It’s Super Bowl time and once again my beloved Packers are not playing for the for the ninth consecutive year. They did have a great season improving to 13-3 from 6-9-1 in 2018. The good news is that I was able to attend four regular season games at football’s holy shrine, Lambeau Field, plus see them win a playoff game as well.
Every year the Super Bowl Indicator is resurrected as a forecasting tool for the stock market.
The indicator says that a win by a team from the old pre-merger NFL is bullish for the stock market, while a win by a team from the old AFL is a bad sign for the markets. Looking at this year’s game, Kansas City is an original AFL team while San Francisco is an original NFL team, clearly investors should be rooting for the 49ers.

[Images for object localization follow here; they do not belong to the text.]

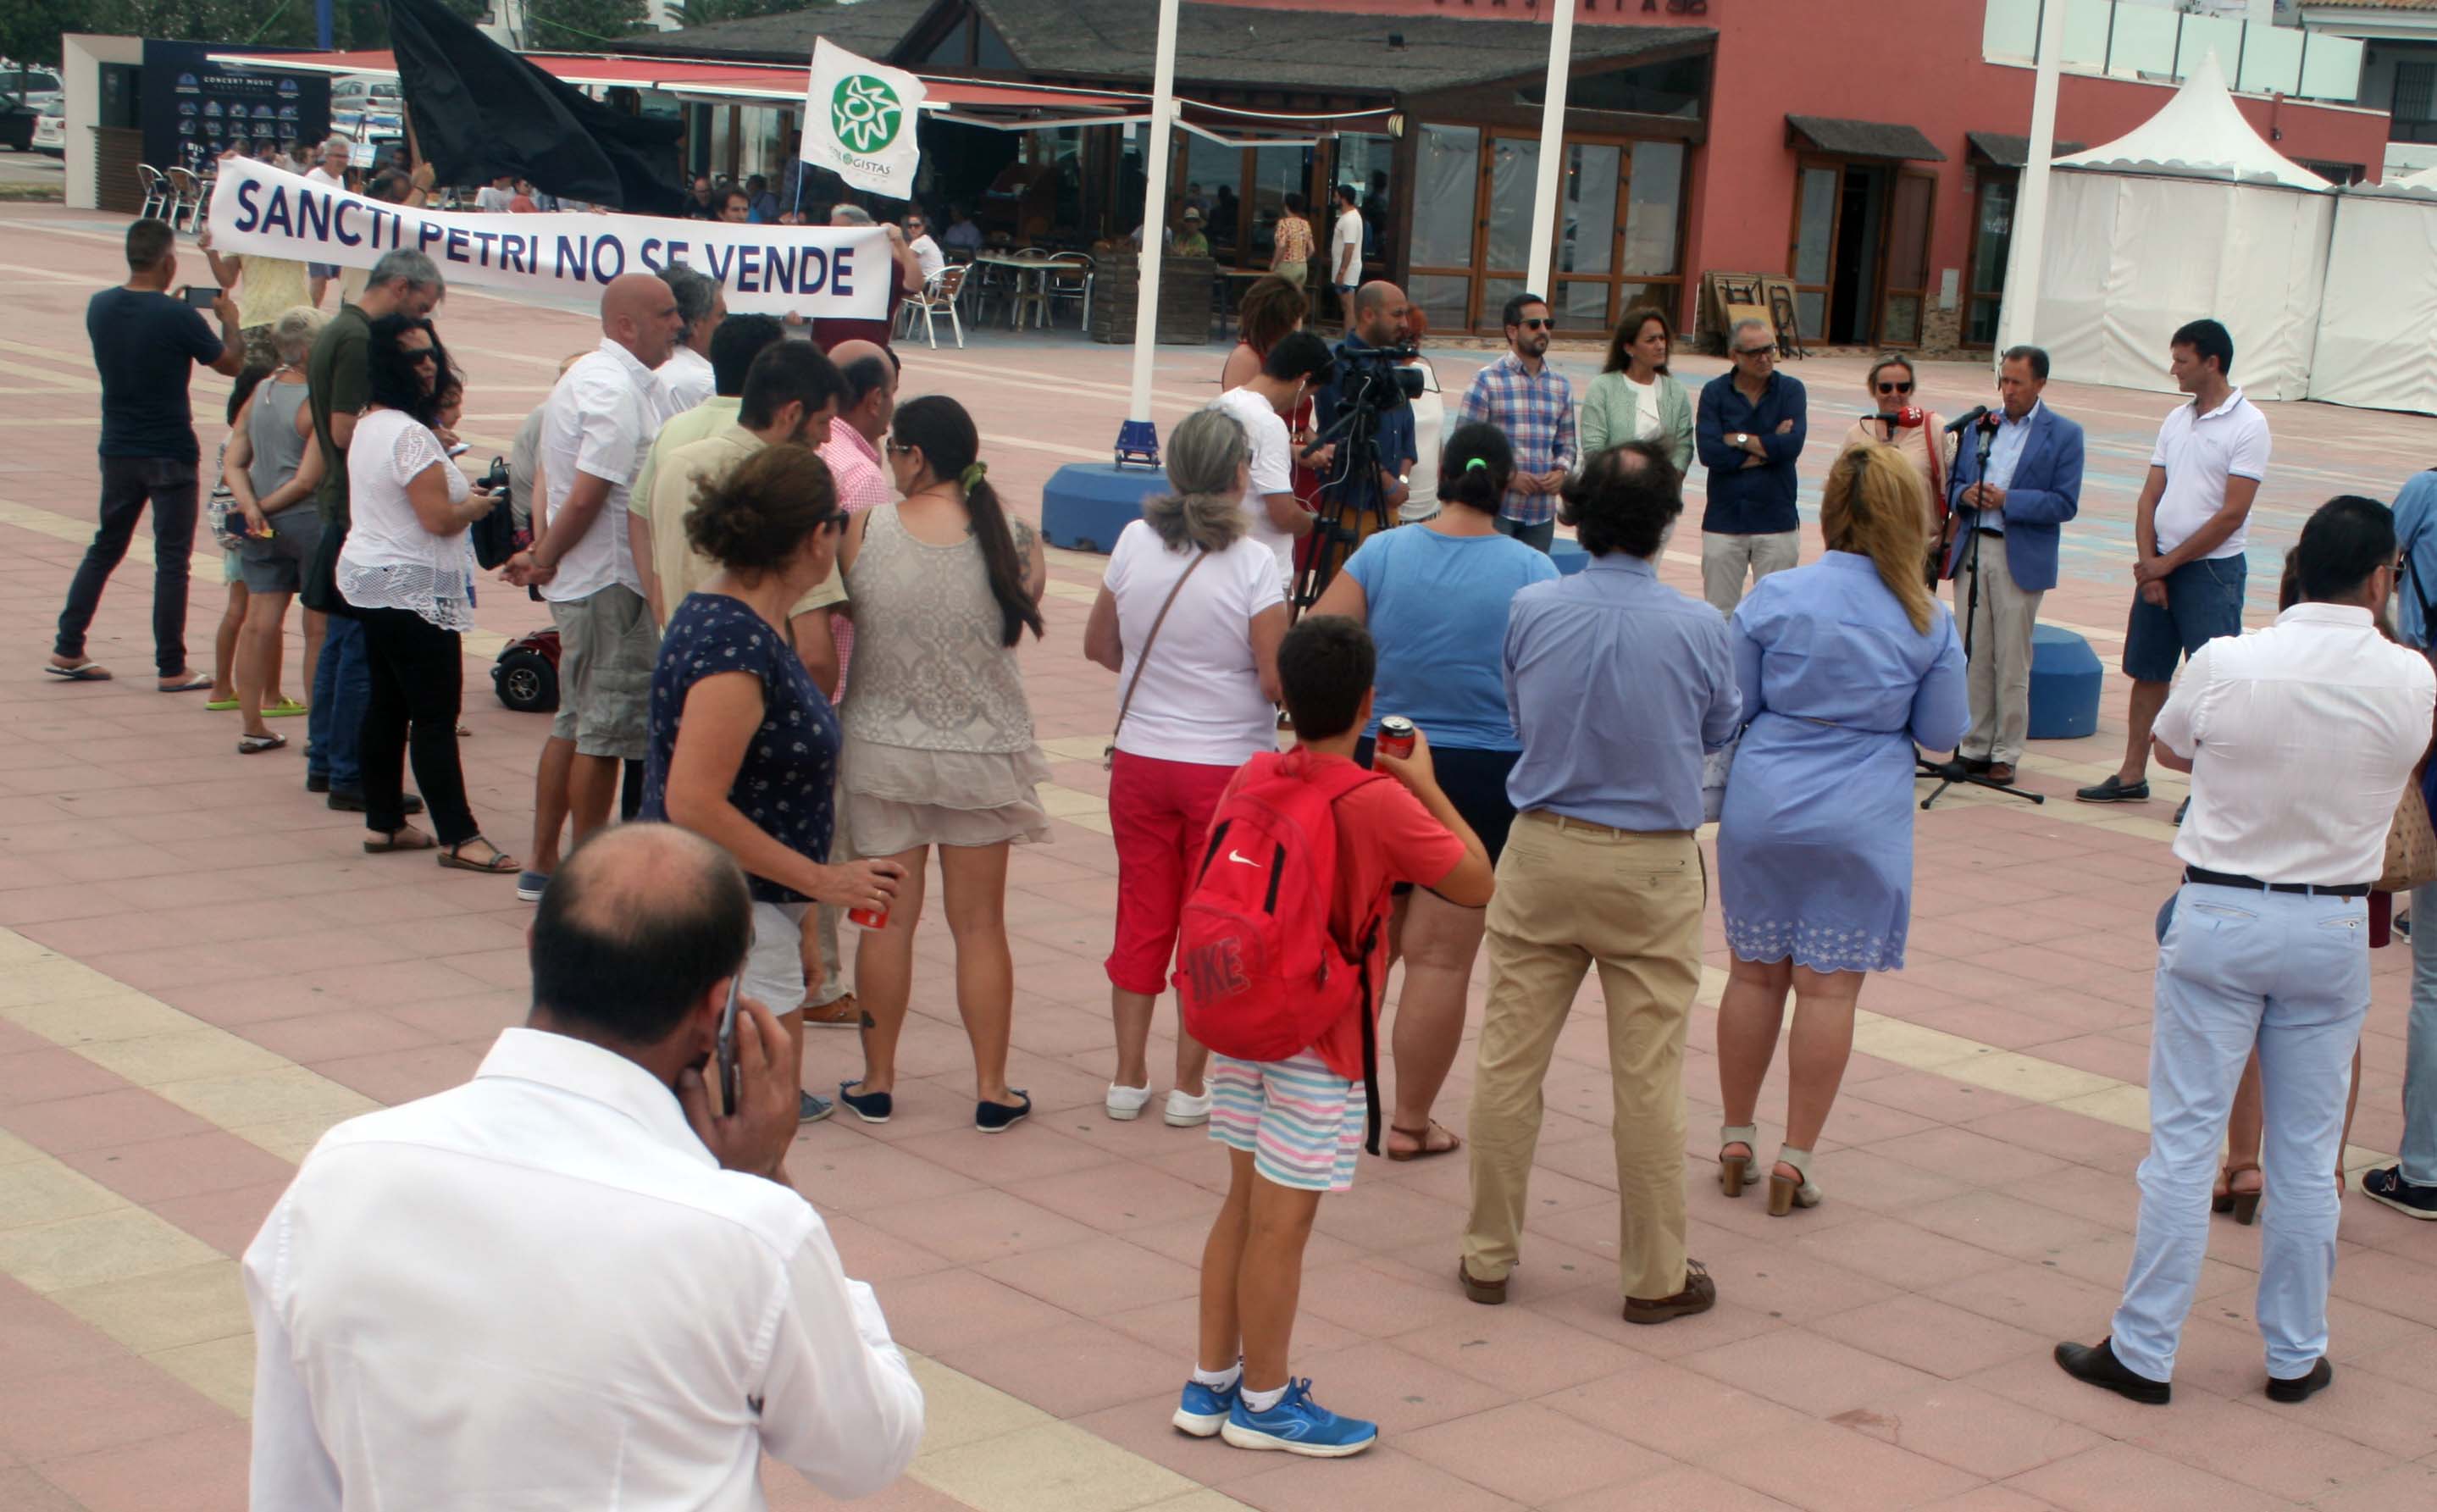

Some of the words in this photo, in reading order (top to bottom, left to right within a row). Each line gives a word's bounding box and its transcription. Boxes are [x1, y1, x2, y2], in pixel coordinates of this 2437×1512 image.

[235, 180, 402, 249] SANCTI
[418, 221, 538, 274] PETRI
[556, 234, 625, 285] NO
[706, 244, 854, 296] VENDE
[1188, 935, 1251, 1006] IKE

How has the Super Bowl Indicator done?
In 2019 this indicator failed to predict the direction of the stock market for the fourth year in row. New England won the 2019 game and the market had an up year. The Eagles won the 2018 game and it was a down year for the markets. Overall the indicator has held true for 40 of the 53 prior Super Bowls.

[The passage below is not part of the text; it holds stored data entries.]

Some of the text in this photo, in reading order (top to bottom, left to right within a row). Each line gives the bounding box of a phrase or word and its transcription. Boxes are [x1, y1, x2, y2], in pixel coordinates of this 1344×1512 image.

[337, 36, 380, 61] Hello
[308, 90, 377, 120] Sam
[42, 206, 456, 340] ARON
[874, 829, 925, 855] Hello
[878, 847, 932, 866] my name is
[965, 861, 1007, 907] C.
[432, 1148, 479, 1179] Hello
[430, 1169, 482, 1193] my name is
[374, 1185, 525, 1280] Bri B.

Quoted in a Wall Street Journal article before the 2016 game, respected Wall Street analyst Robert Stoval said, “There is no intellectual backing for this sort of thing, except that it works.”
Some notable misses for the indicator include:
- St. Louis (an old NFL team that was formerly and is now again currently the L.A. Rams) won in 2000 and the market dropped.
- Baltimore (an old NFL team that was formerly the original Cleveland Browns) won in 2001 and the market dropped. Perhaps the markets were confused since the Browns became an AFC team (along with the Steelers and the Colts) as part of the 1970 merger.
- The New York Giants (an old NFL team) won in 2008 and the market tanked in what was the start of the recent financial crisis.
- In 1970 the Kansas City Chiefs shocked the Minnesota Vikings and the Dow Jones Average ended the year up, by less than 5 percent.
Is this a valid investment strategy?
As far as your investments, I think you’ll agree that the outcome of the game should not dictate your strategy. Rather I suggest an investment strategy that incorporates some basic blocking and tackling:
- A financial plan should be the basis of your strategy. Any investment strategy that does not incorporate your goals, time horizon, and risk tolerance is flawed.
- Take stock of where you are. What impact has the bull market of the past ten + years had on your portfolio? Perhaps it’s time to rebalance and to rethink your ongoing asset allocation.
- Costs matter. Low cost index mutual funds and ETFs can be great core holdings. Solid, well-managed active funds can also contribute to a well-diversified portfolio. In all cases make sure you are in the lowest cost share classes available to you.
View all accounts as part of a total portfolio. This means IRAs, your 401(k), taxable accounts, mutual funds, individual stocks and bonds, etc. Each individual holding should serve a purpose in terms of your overall strategy.
The Super Bowl Indicator is another fun piece of Super Bowl hype. Your investment strategy should be guided by your goals, your time horizon for the money and your tolerance for risk, not the outcome of a football game.